I think it's funny because this is market economics at it's worst--best for those who are money manipulators, like the stock agencies.
First, it turns photography into a stock market of sorts and creates a sort of feeding frenzy for anyone who can afford a point and shoot camera and has PS skills.
Second, it makes professional photography less and less possible because everyone with with a point and shoot or Rebel can submit pictures, and using the shotgun affect, like the stock business does, they are bound to get a few from each 1, 000 persons who submits everything they shoot.
Third, it lowers overall prices, which is really good for other corporations, like National Geographic, because then they don't need as many full time photographers.
Fourth, like the web link above, books and other marketing techniques tell everyone that they too can be professional photographers in 72 hours--you ever see the books like that, such as "Speak German in 3 Days!"? People suck that get rich fast and smart quicker crap up like a vacuum.

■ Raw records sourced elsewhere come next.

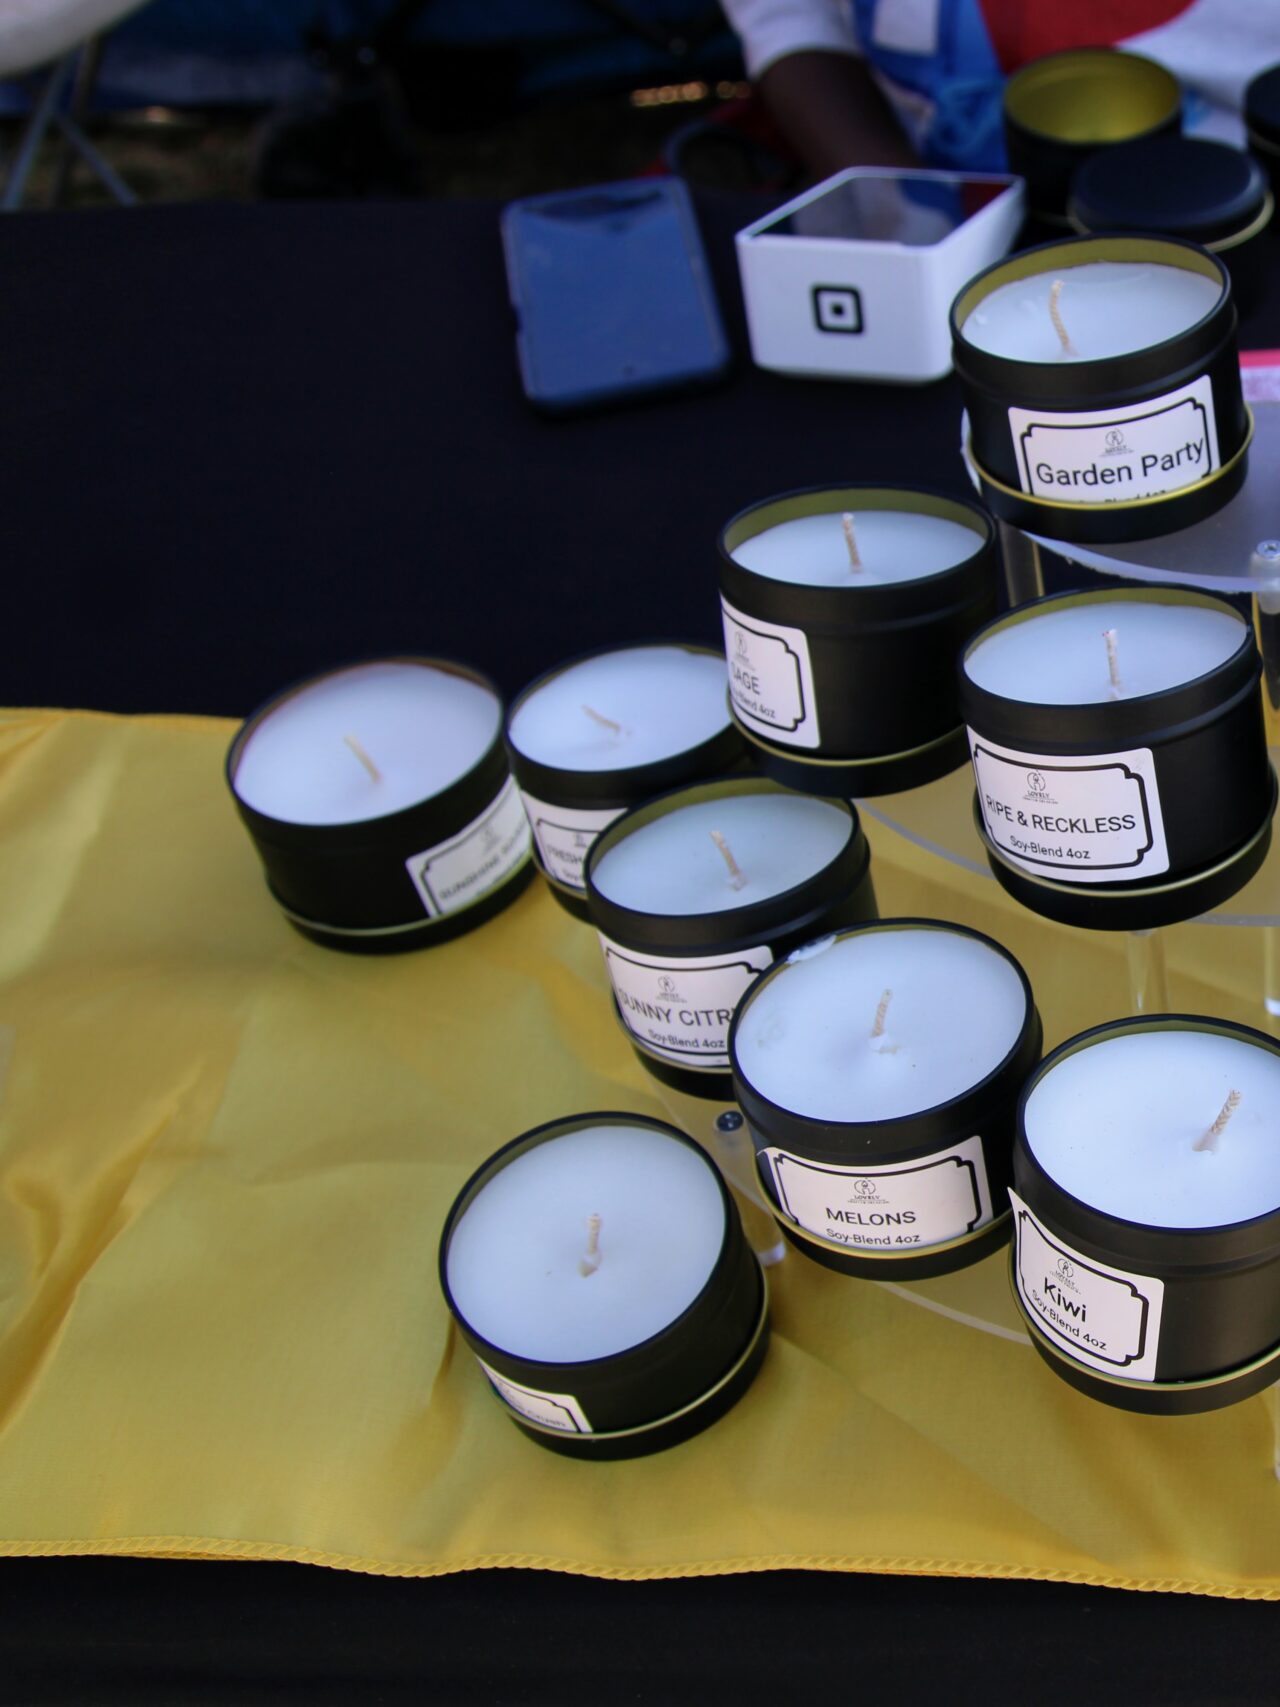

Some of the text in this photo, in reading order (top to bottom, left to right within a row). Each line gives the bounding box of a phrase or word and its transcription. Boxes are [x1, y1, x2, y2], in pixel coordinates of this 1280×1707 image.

[1035, 438, 1204, 486] Garden Party
[985, 794, 1015, 822] RIPE
[1017, 810, 1028, 827] &
[1031, 814, 1136, 834] RECKLESS
[1009, 835, 1090, 860] Soy-Blend 4oz
[680, 1007, 736, 1026] CITR
[702, 1038, 725, 1048] 4oz
[825, 1207, 917, 1226] MELONS
[825, 1228, 921, 1245] Soy-Blend 4oz
[1044, 1276, 1087, 1323] Kiwi
[1032, 1289, 1107, 1350] Soy-Blend 4oz

So either way, and there are two outcomes to this marketing technique, stock photography, and photography in general as a profession suffers: (1) People get their 40Ds, or whatever, and buy the get rich fast books and give it an honest go. After a year or so they've taken hundreds of images and submitted them, made a few hundred dollars, maybe, and then they lose interest because they aren't rich and famous yet and move on to the next thing, such as "You to Can Make a Million in the Stock Market, In 3 Days! with only 10 dollars." The problem here is that there are hundreds of thousands of people running this circuit, which gives the stock agencies, and the marketers, a steady influx of income and images. (2) Someone with talent, time, brains, and perseverance, plus the money to invest properly, really does take off. The problem here is that many more "professional" level photographers really do enter the market, spreading the possible profit ever thinner, since they can do it "on their spare time."
I'm not passing judgment here, just showing what is completely predictable process in any market system--where there is money, real or not, people will flood in to stake their claim on the free gold--just like in the gold rush days in the early days of the United States. And just like the gold rush, 90% of the people looking for riches will make very little money, simply because of the numbers doing exactly the same thing, and 10% will make lots of money--the marketers and corporations. (Look where all the gold ended up, Fort Knox, jewelry, etc.)

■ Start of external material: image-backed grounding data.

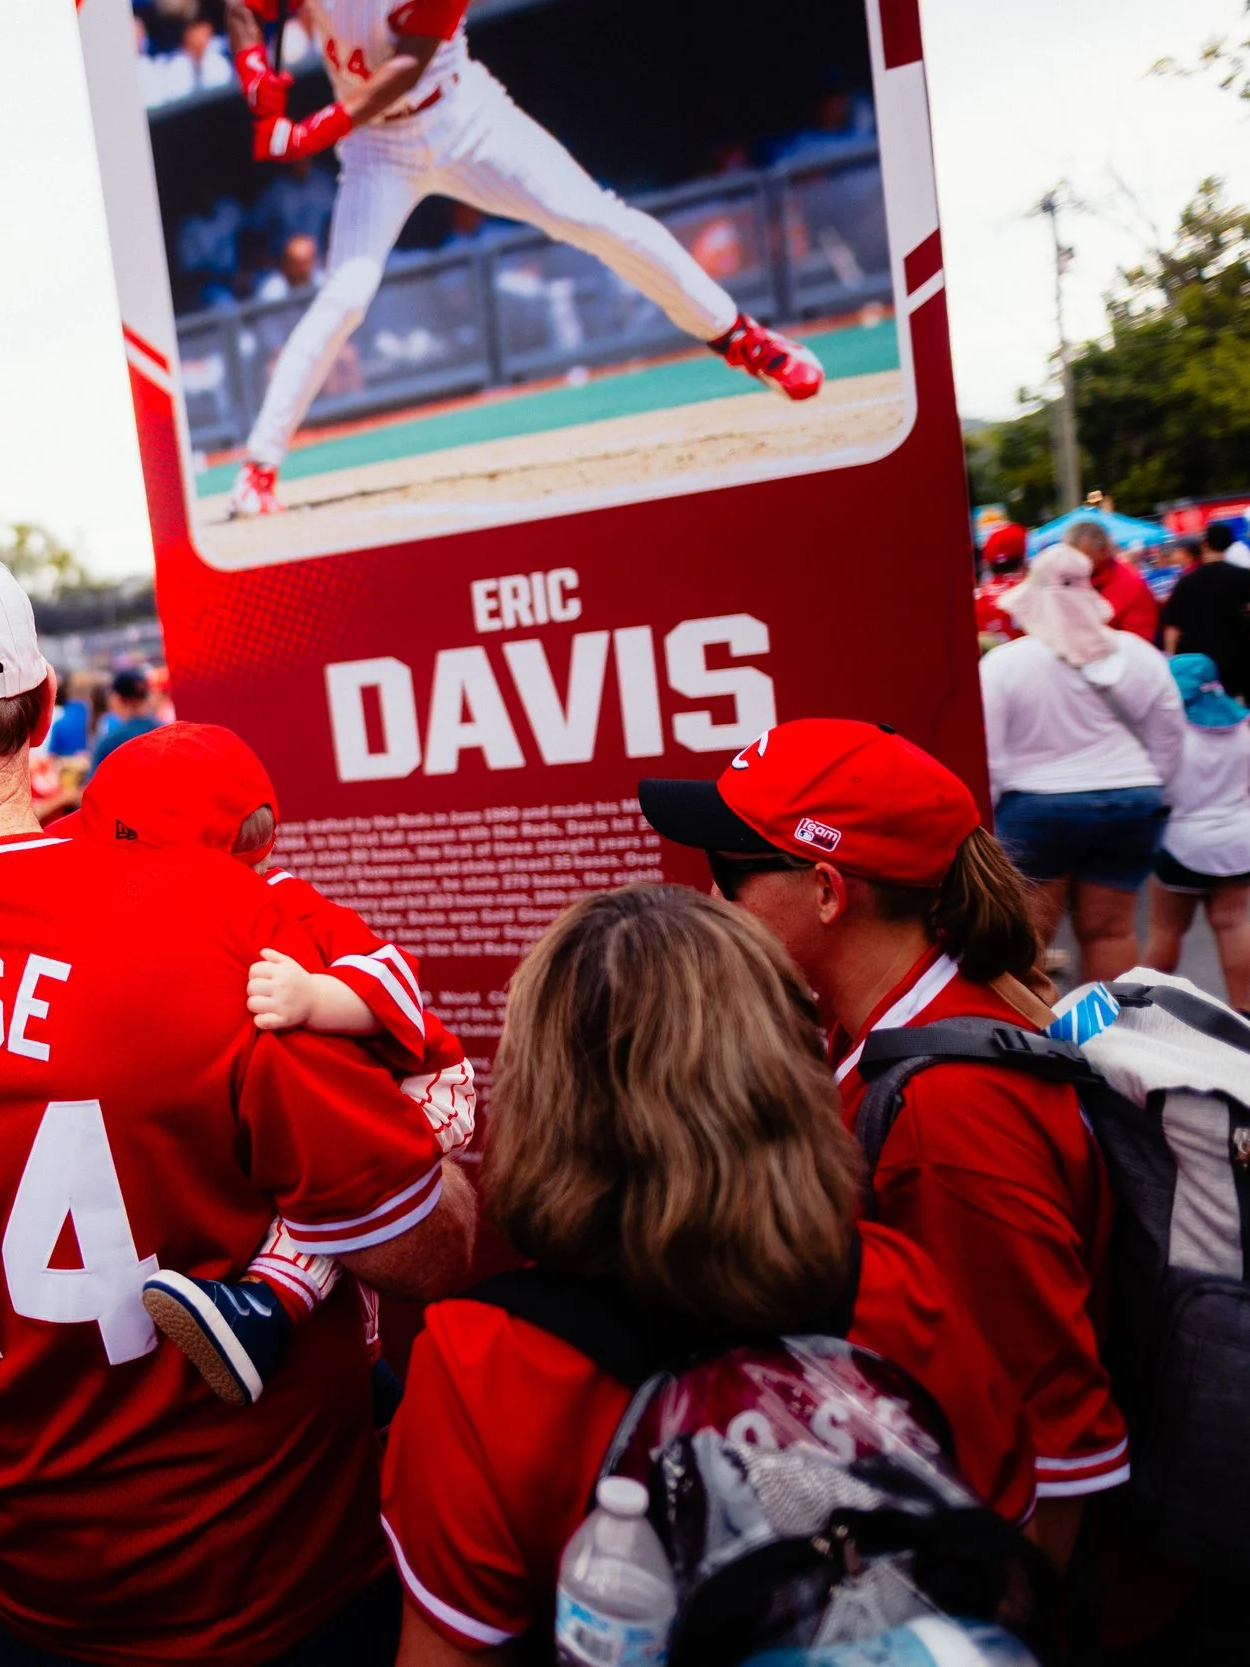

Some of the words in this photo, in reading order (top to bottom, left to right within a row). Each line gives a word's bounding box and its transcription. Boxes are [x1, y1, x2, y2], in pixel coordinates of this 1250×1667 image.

[471, 566, 582, 633] ERIC
[325, 612, 778, 783] DAVIS
[803, 818, 838, 841] Team
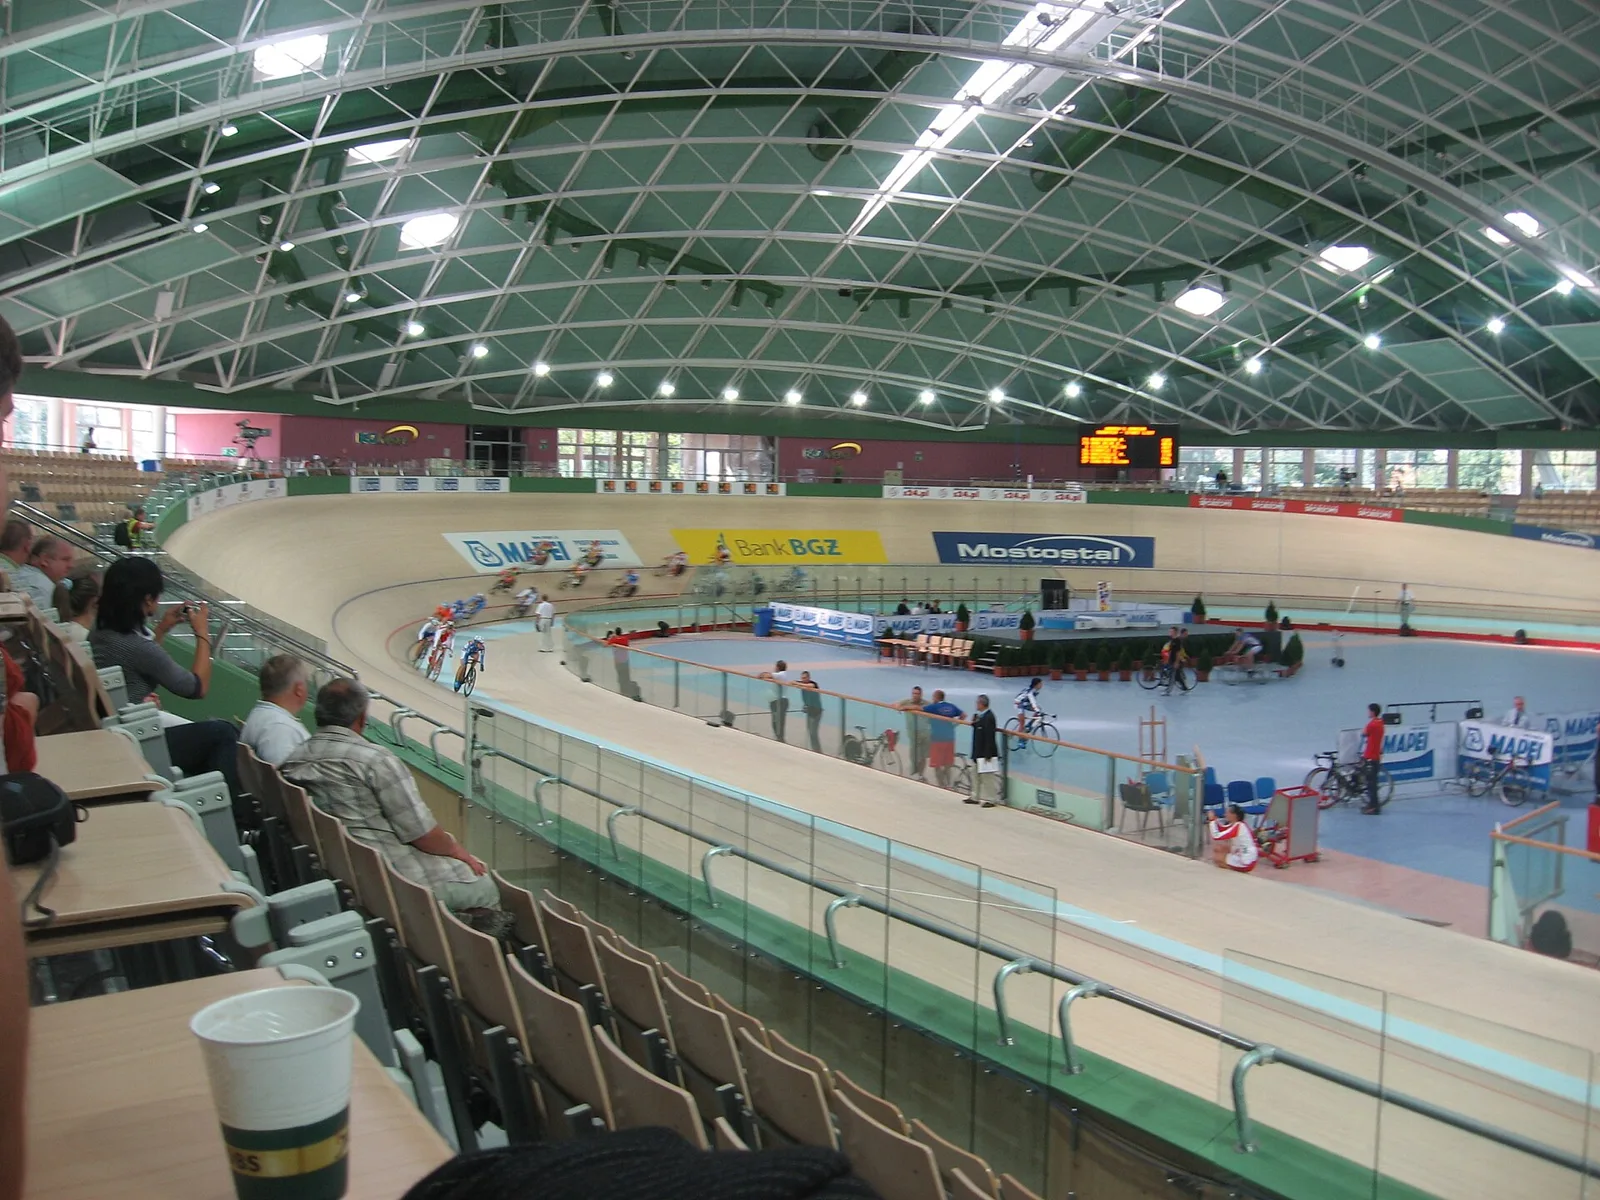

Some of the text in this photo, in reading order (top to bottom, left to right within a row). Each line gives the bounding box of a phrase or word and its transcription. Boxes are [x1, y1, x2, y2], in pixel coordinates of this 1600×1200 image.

[734, 538, 791, 556] Bank
[957, 543, 1120, 560] Mostostal
[1383, 731, 1429, 753] MAPEI
[1488, 733, 1544, 760] MAPEI

In days gone past, people already in business could weather these waves of pie in the sky searchers because they would soon go broke and leave the market. Here now we have a market that everyone can get into and stay in for almost nothing, that is, everyone who can afford a 600US camera, which is a LOT of people--most people already own one. So even though Jimmy may only submit 100 photos a year from his P&S or Rebel, thousands more are doing the same thing, and when Jimmy stops, a thousand more will take his place.
A related example: Microsoft hired hundreds of photographers for a year and told them to go out and take all the pictures they could of specific categories, such as landscape, commercial, etc. They paid them for their time and when all the dust settled, Microsoft had 100,000s of thousands of images they put on DVDs and sell, and resell, and reresell--because while those photographers were working, they were giving up all the rights to their images. So if I'm a designer and need photography for my design needs, and I can buy 10 MS DVDs for 60US with the rights to use the images for pennies, why should I hire a photographer, or buy them from individual photogs for much more money? And the images on the disks are as good as you will find anywhere, since the photographers were all professionals.